Description of the task :: Each record that follows should be repeated exactly, with no pictures carried over.

Input ::
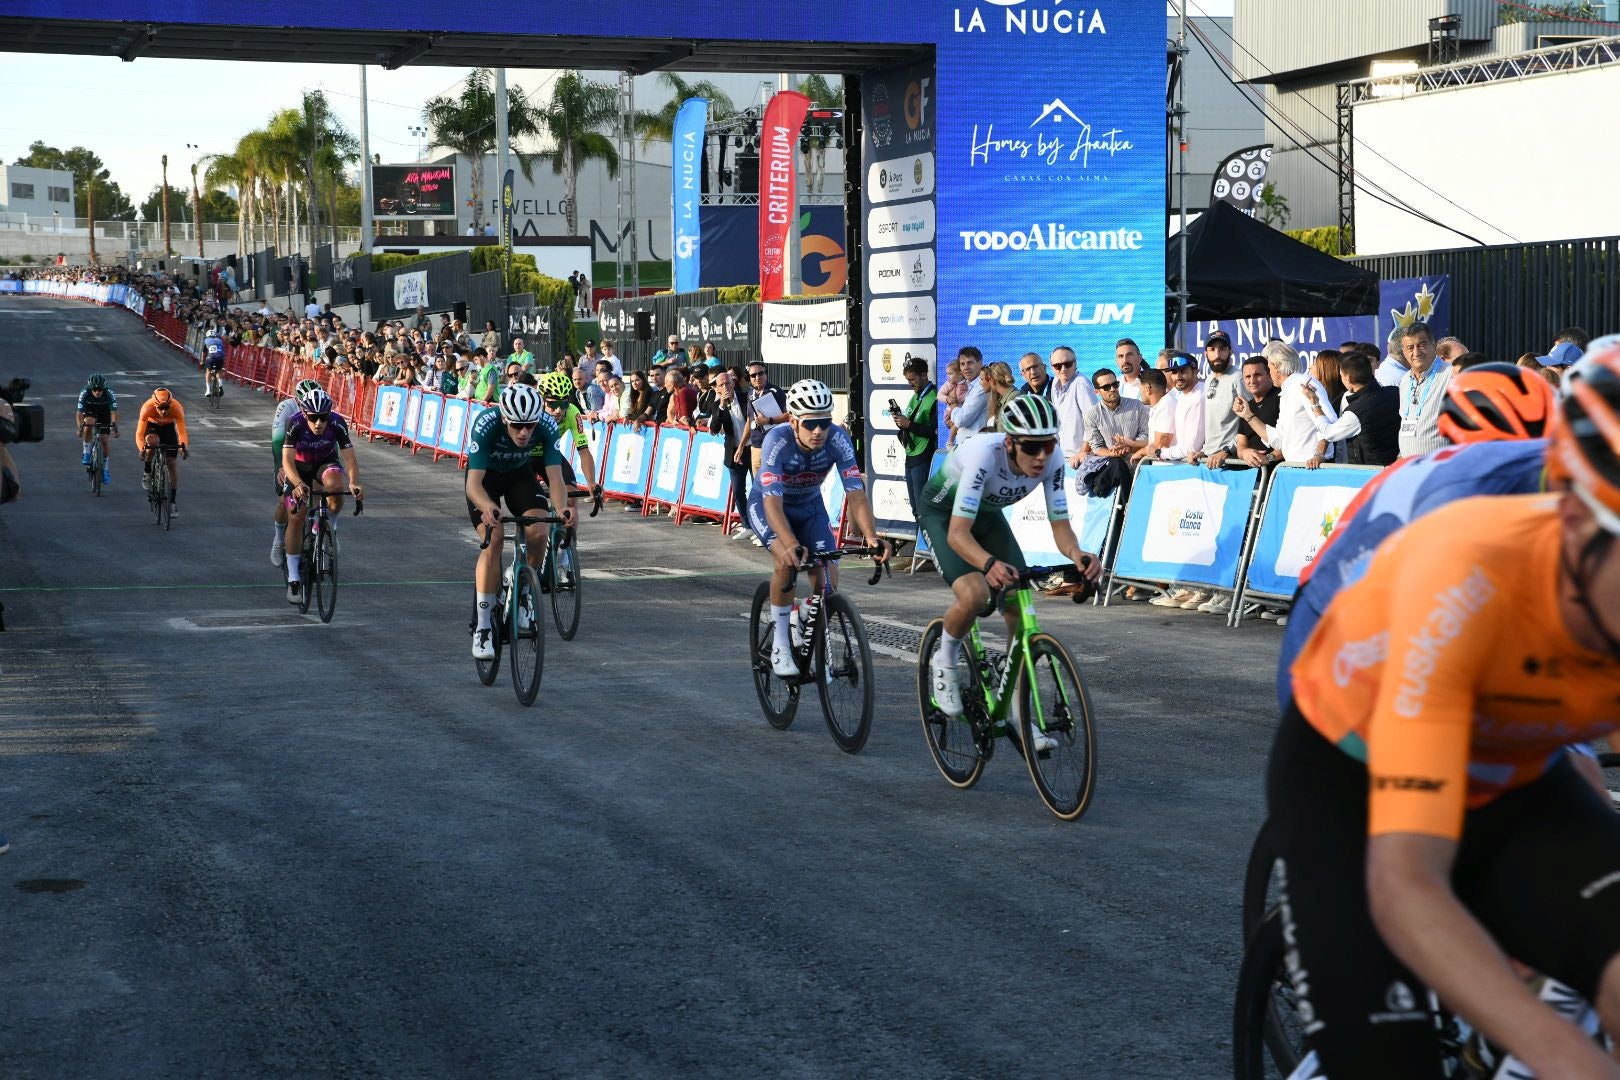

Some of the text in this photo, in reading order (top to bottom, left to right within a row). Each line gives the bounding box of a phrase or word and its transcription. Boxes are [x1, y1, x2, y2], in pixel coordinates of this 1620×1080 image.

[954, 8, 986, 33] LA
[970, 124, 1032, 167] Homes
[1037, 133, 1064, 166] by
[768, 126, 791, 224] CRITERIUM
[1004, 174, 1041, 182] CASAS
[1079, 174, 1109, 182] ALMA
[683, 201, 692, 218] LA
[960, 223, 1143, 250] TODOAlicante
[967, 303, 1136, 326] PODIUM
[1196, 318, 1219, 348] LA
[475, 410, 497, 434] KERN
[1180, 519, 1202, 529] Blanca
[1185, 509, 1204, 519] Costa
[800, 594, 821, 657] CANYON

Solution for this task ::
Some of the text in this photo, in reading order (top to bottom, left to right within a row). Each line gives the bounding box of a phrase or word and its transcription. Boxes are [x1, y1, x2, y2], in pixel coordinates of this 1620×1080 image.

[954, 8, 986, 33] LA
[970, 124, 1032, 167] Homes
[1037, 133, 1064, 166] by
[768, 126, 791, 224] CRITERIUM
[1004, 174, 1041, 182] CASAS
[1079, 174, 1109, 182] ALMA
[683, 201, 692, 218] LA
[960, 223, 1143, 250] TODOAlicante
[967, 303, 1136, 326] PODIUM
[1196, 318, 1219, 348] LA
[475, 410, 497, 434] KERN
[1180, 519, 1202, 529] Blanca
[1185, 509, 1204, 519] Costa
[800, 594, 821, 657] CANYON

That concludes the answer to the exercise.